Stored items from a collection:
===

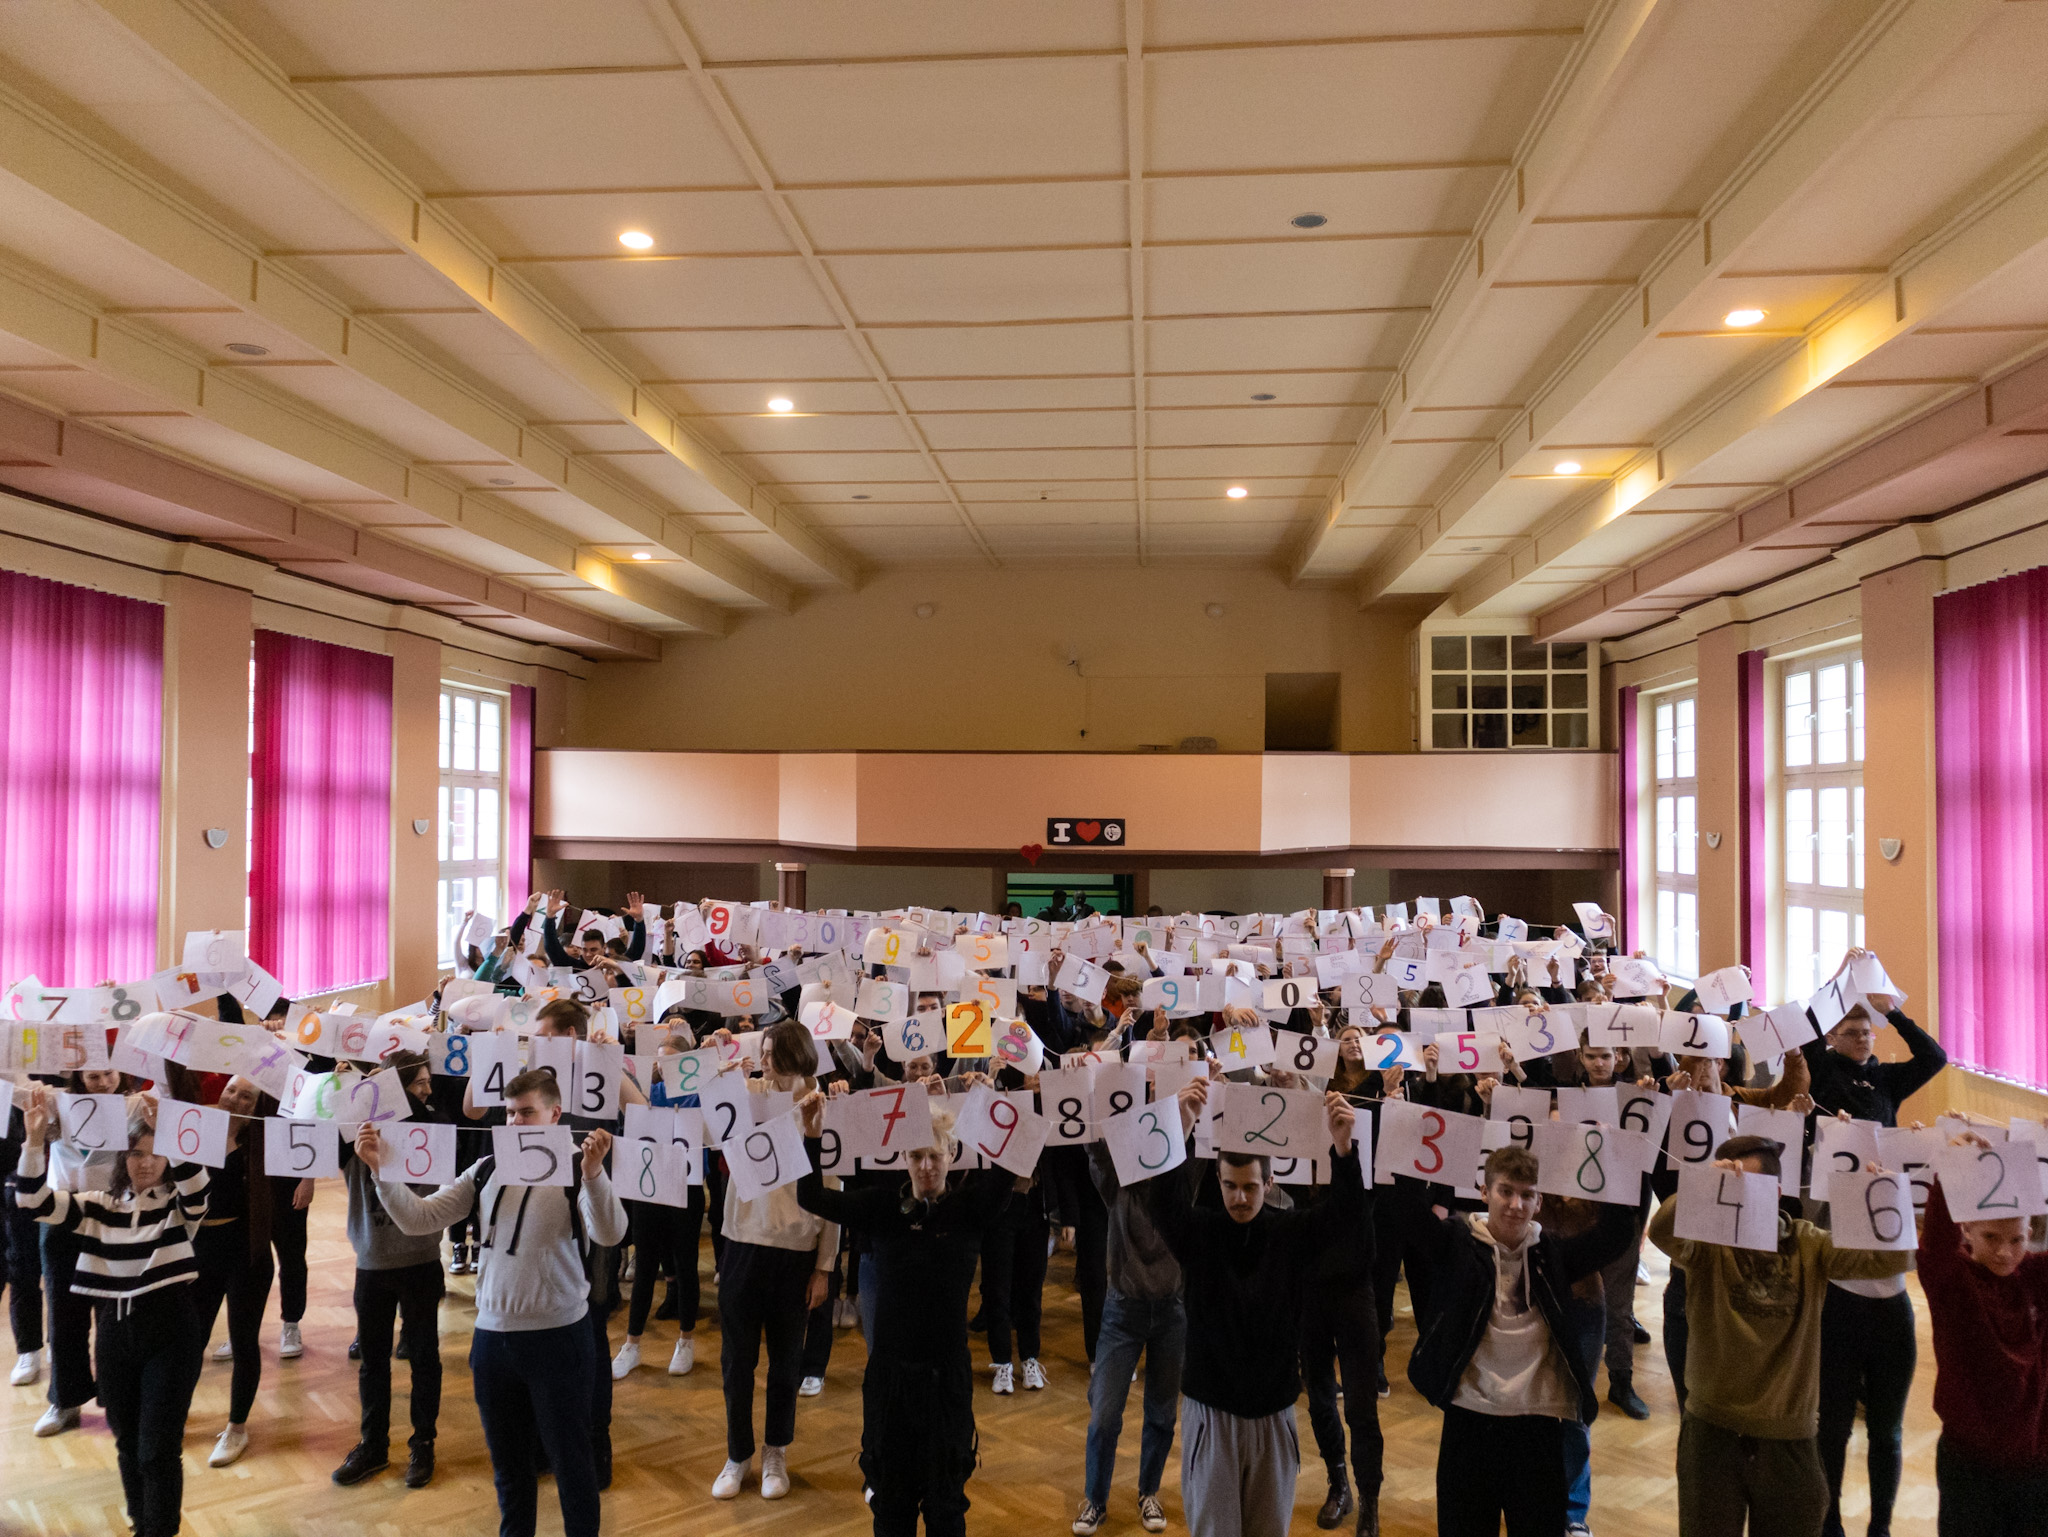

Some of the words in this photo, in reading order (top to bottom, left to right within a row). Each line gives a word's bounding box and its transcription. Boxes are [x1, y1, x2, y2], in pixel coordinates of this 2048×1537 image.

[1053, 822, 1071, 842] I
[710, 907, 729, 934] 9
[793, 916, 808, 942] 3
[821, 921, 835, 944] 0
[1229, 920, 1240, 936] 9
[1252, 920, 1263, 936] 1
[206, 938, 223, 967] 6
[882, 933, 900, 964] 9
[973, 937, 991, 961] 5
[1081, 931, 1099, 954] 7
[1187, 937, 1198, 964] 1
[1072, 961, 1095, 988] 5
[1297, 956, 1311, 975] 3
[1403, 964, 1417, 981] 5
[1624, 962, 1649, 995] 3
[111, 988, 141, 1021] 8
[244, 974, 260, 1002] 4
[576, 975, 596, 999] 8
[623, 988, 646, 1018] 8
[692, 980, 707, 1005] 8
[732, 981, 753, 1008] 6
[873, 986, 893, 1014] 3
[978, 980, 1000, 1010] 5
[1161, 981, 1178, 1010] 9
[1281, 982, 1300, 1007] 0
[1358, 975, 1373, 1005] 8
[1455, 972, 1479, 1003] 2
[1710, 972, 1729, 1002] 1
[1830, 979, 1845, 1015] 1
[38, 995, 69, 1021] 7
[814, 1002, 835, 1035] 8
[1608, 1005, 1634, 1041] 4
[297, 1012, 321, 1045] 0
[341, 1023, 367, 1053] 6
[952, 1003, 984, 1053] 2
[996, 1020, 1032, 1063] 8
[1229, 1031, 1246, 1059] 4
[1526, 1013, 1554, 1053] 3
[1683, 1016, 1708, 1049] 2
[1763, 1012, 1784, 1049] 1
[62, 1031, 88, 1069] 5
[250, 1041, 286, 1077] 7
[378, 1035, 401, 1061] 2
[444, 1035, 469, 1076] 8
[1294, 1035, 1318, 1070] 8
[1376, 1033, 1412, 1069] 2
[1457, 1034, 1479, 1069] 5
[483, 1061, 505, 1101] 4
[582, 1072, 605, 1112] 3
[351, 1080, 396, 1122] 2
[869, 1087, 906, 1147] 7
[1058, 1097, 1085, 1138] 8
[1244, 1091, 1289, 1146] 2
[1619, 1096, 1655, 1133] 6
[69, 1097, 106, 1149] 2
[177, 1108, 201, 1156] 6
[715, 1101, 737, 1142] 2
[977, 1099, 1018, 1159] 9
[1508, 1114, 1533, 1150] 9
[290, 1123, 316, 1171] 5
[405, 1128, 432, 1178] 3
[518, 1131, 558, 1183] 5
[820, 1128, 841, 1170] 9
[1138, 1112, 1170, 1169] 3
[1413, 1110, 1446, 1174] 3
[1683, 1119, 1713, 1163] 9
[639, 1146, 656, 1198] 8
[744, 1131, 780, 1187] 9
[1576, 1129, 1606, 1193] 8
[1902, 1162, 1935, 1208] 5
[1977, 1151, 2018, 1210] 2
[1716, 1173, 1744, 1244] 4
[1864, 1176, 1903, 1243] 6
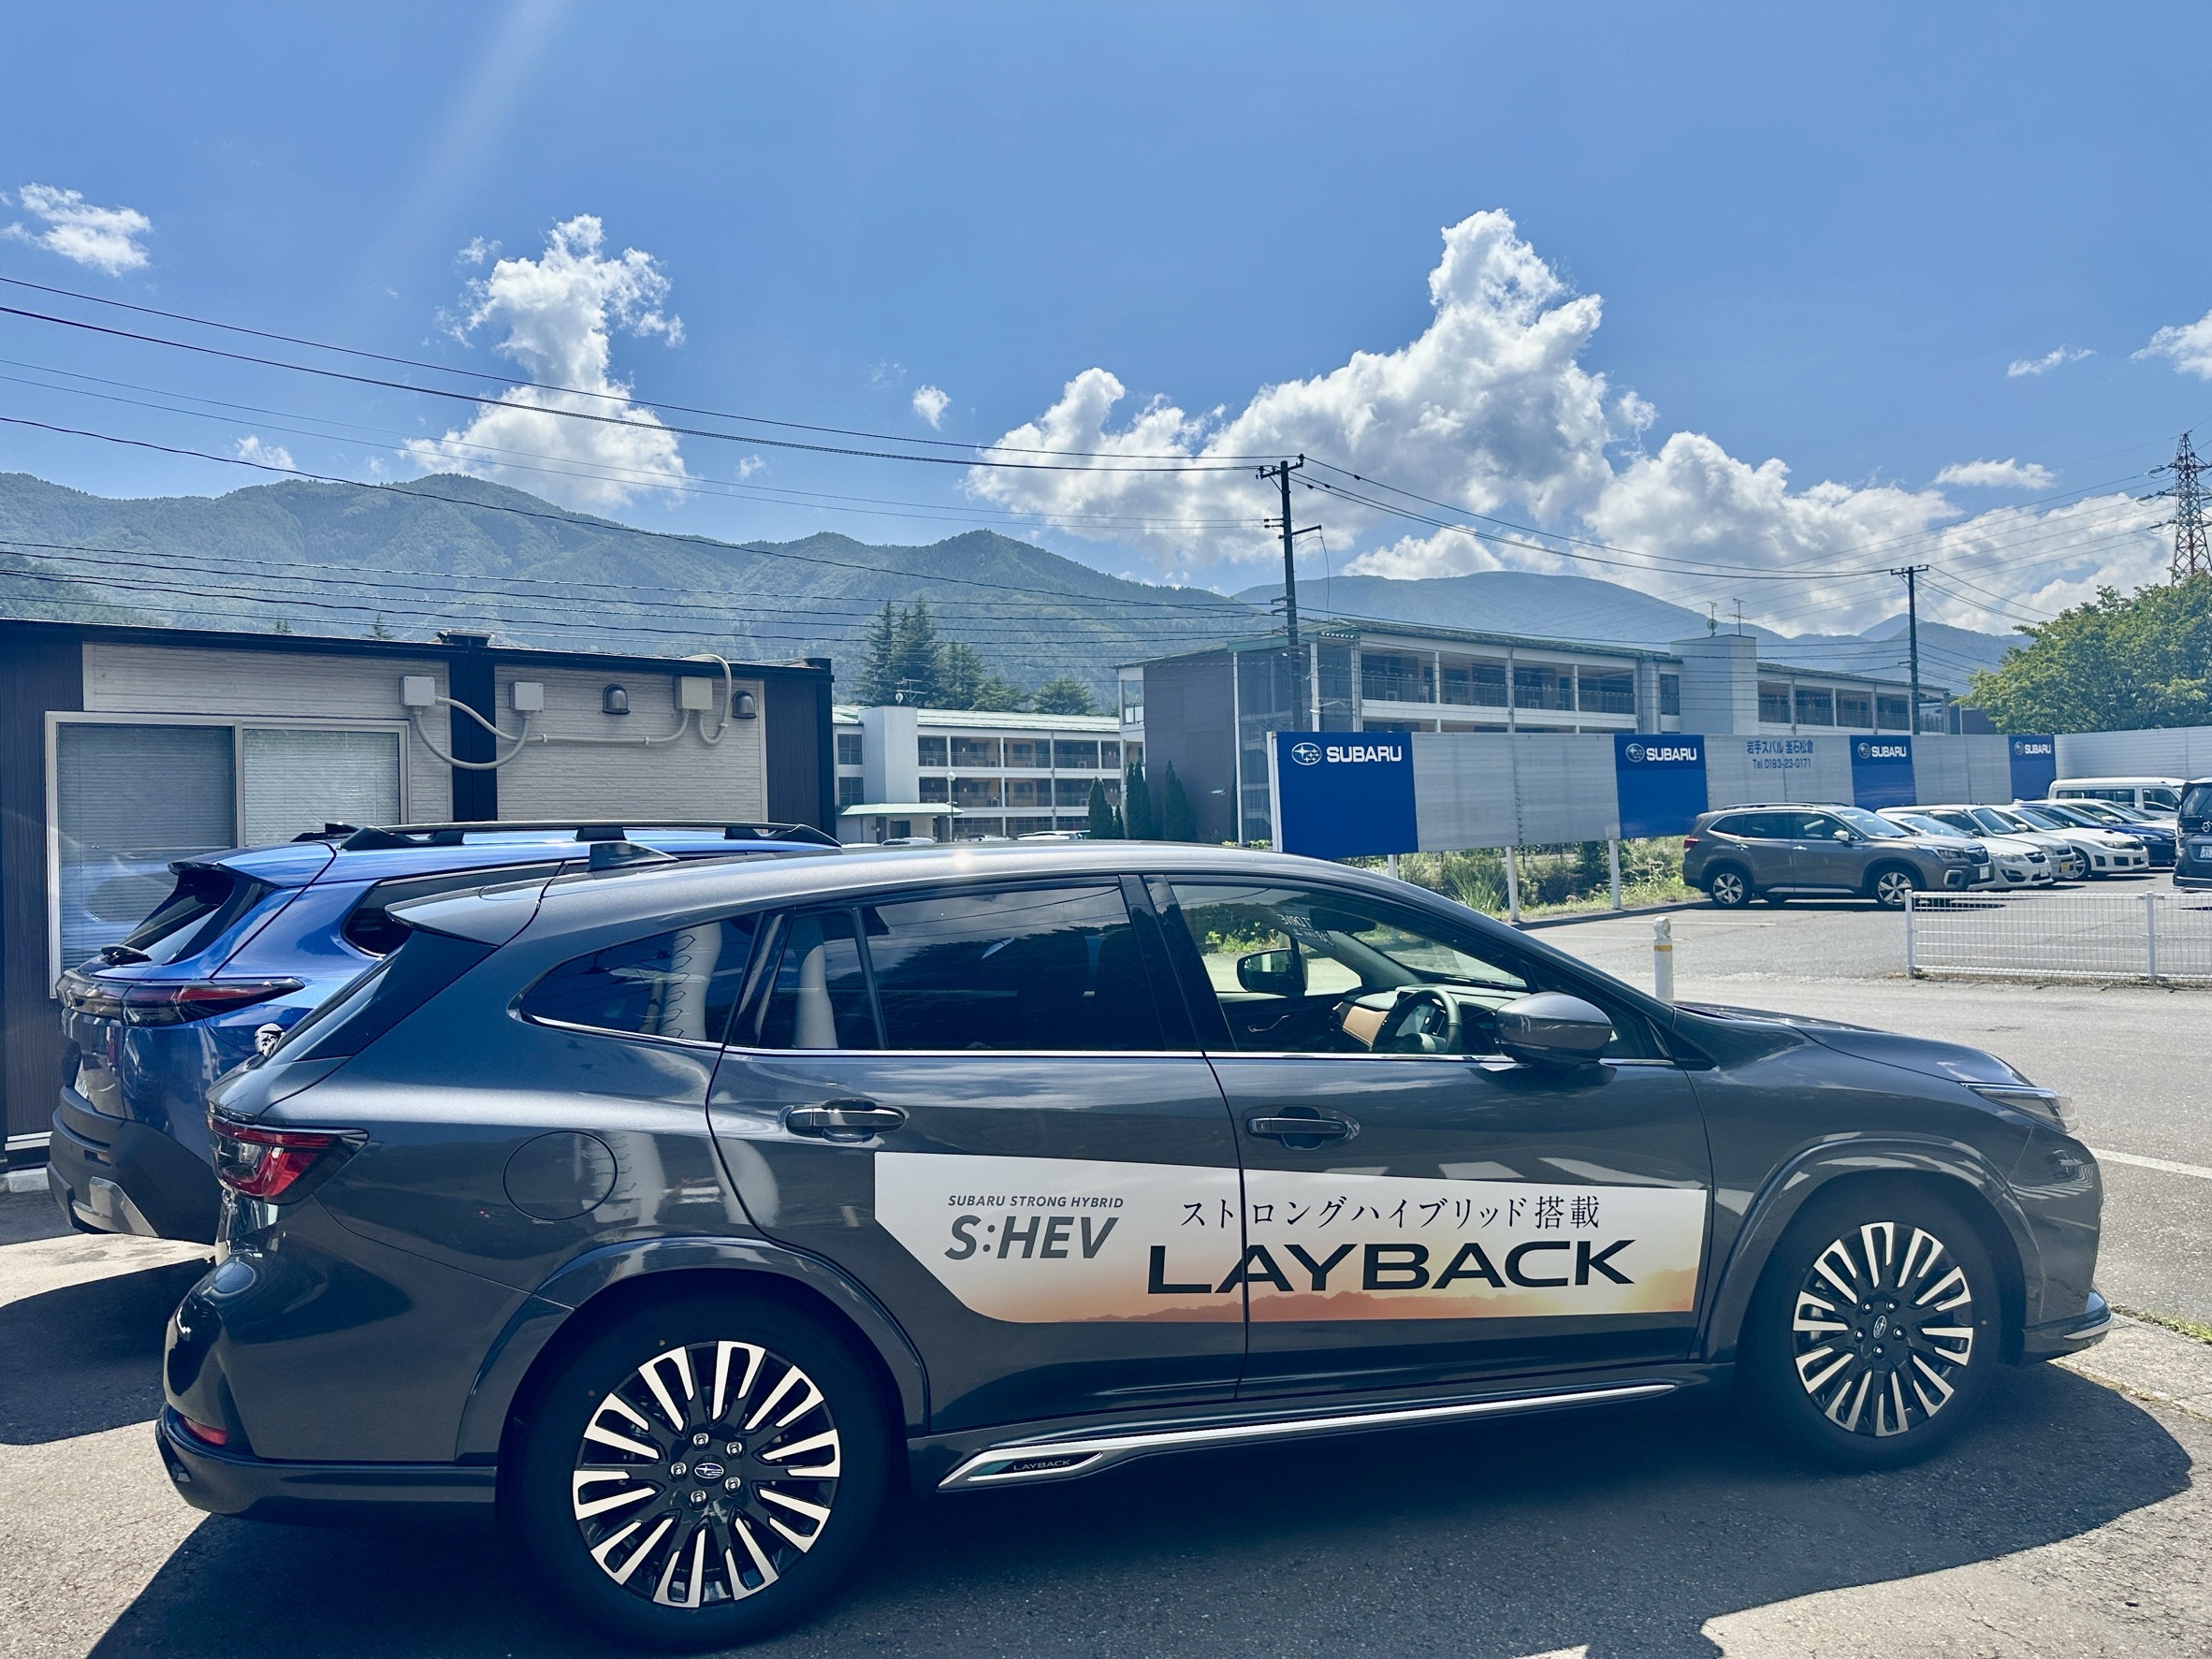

===

## What the exercise asks
Each line above is to be transcribed exactly, though its pictures are not.

## Answer
Some of the words in this photo, in reading order (top to bottom, left to right within a row). Each line gives a word's bounding box and its transcription. Boxes are [x1, y1, x2, y2], in pixel coordinates of this 2048×1537 image.

[1053, 822, 1071, 842] I
[710, 907, 729, 934] 9
[793, 916, 808, 942] 3
[821, 921, 835, 944] 0
[1229, 920, 1240, 936] 9
[1252, 920, 1263, 936] 1
[206, 938, 223, 967] 6
[882, 933, 900, 964] 9
[973, 937, 991, 961] 5
[1081, 931, 1099, 954] 7
[1187, 937, 1198, 964] 1
[1072, 961, 1095, 988] 5
[1297, 956, 1311, 975] 3
[1403, 964, 1417, 981] 5
[1624, 962, 1649, 995] 3
[111, 988, 141, 1021] 8
[244, 974, 260, 1002] 4
[576, 975, 596, 999] 8
[623, 988, 646, 1018] 8
[692, 980, 707, 1005] 8
[732, 981, 753, 1008] 6
[873, 986, 893, 1014] 3
[978, 980, 1000, 1010] 5
[1161, 981, 1178, 1010] 9
[1281, 982, 1300, 1007] 0
[1358, 975, 1373, 1005] 8
[1455, 972, 1479, 1003] 2
[1710, 972, 1729, 1002] 1
[1830, 979, 1845, 1015] 1
[38, 995, 69, 1021] 7
[814, 1002, 835, 1035] 8
[1608, 1005, 1634, 1041] 4
[297, 1012, 321, 1045] 0
[341, 1023, 367, 1053] 6
[952, 1003, 984, 1053] 2
[996, 1020, 1032, 1063] 8
[1229, 1031, 1246, 1059] 4
[1526, 1013, 1554, 1053] 3
[1683, 1016, 1708, 1049] 2
[1763, 1012, 1784, 1049] 1
[62, 1031, 88, 1069] 5
[250, 1041, 286, 1077] 7
[378, 1035, 401, 1061] 2
[444, 1035, 469, 1076] 8
[1294, 1035, 1318, 1070] 8
[1376, 1033, 1412, 1069] 2
[1457, 1034, 1479, 1069] 5
[483, 1061, 505, 1101] 4
[582, 1072, 605, 1112] 3
[351, 1080, 396, 1122] 2
[869, 1087, 906, 1147] 7
[1058, 1097, 1085, 1138] 8
[1244, 1091, 1289, 1146] 2
[1619, 1096, 1655, 1133] 6
[69, 1097, 106, 1149] 2
[177, 1108, 201, 1156] 6
[715, 1101, 737, 1142] 2
[977, 1099, 1018, 1159] 9
[1508, 1114, 1533, 1150] 9
[290, 1123, 316, 1171] 5
[405, 1128, 432, 1178] 3
[518, 1131, 558, 1183] 5
[820, 1128, 841, 1170] 9
[1138, 1112, 1170, 1169] 3
[1413, 1110, 1446, 1174] 3
[1683, 1119, 1713, 1163] 9
[639, 1146, 656, 1198] 8
[744, 1131, 780, 1187] 9
[1576, 1129, 1606, 1193] 8
[1902, 1162, 1935, 1208] 5
[1977, 1151, 2018, 1210] 2
[1716, 1173, 1744, 1244] 4
[1864, 1176, 1903, 1243] 6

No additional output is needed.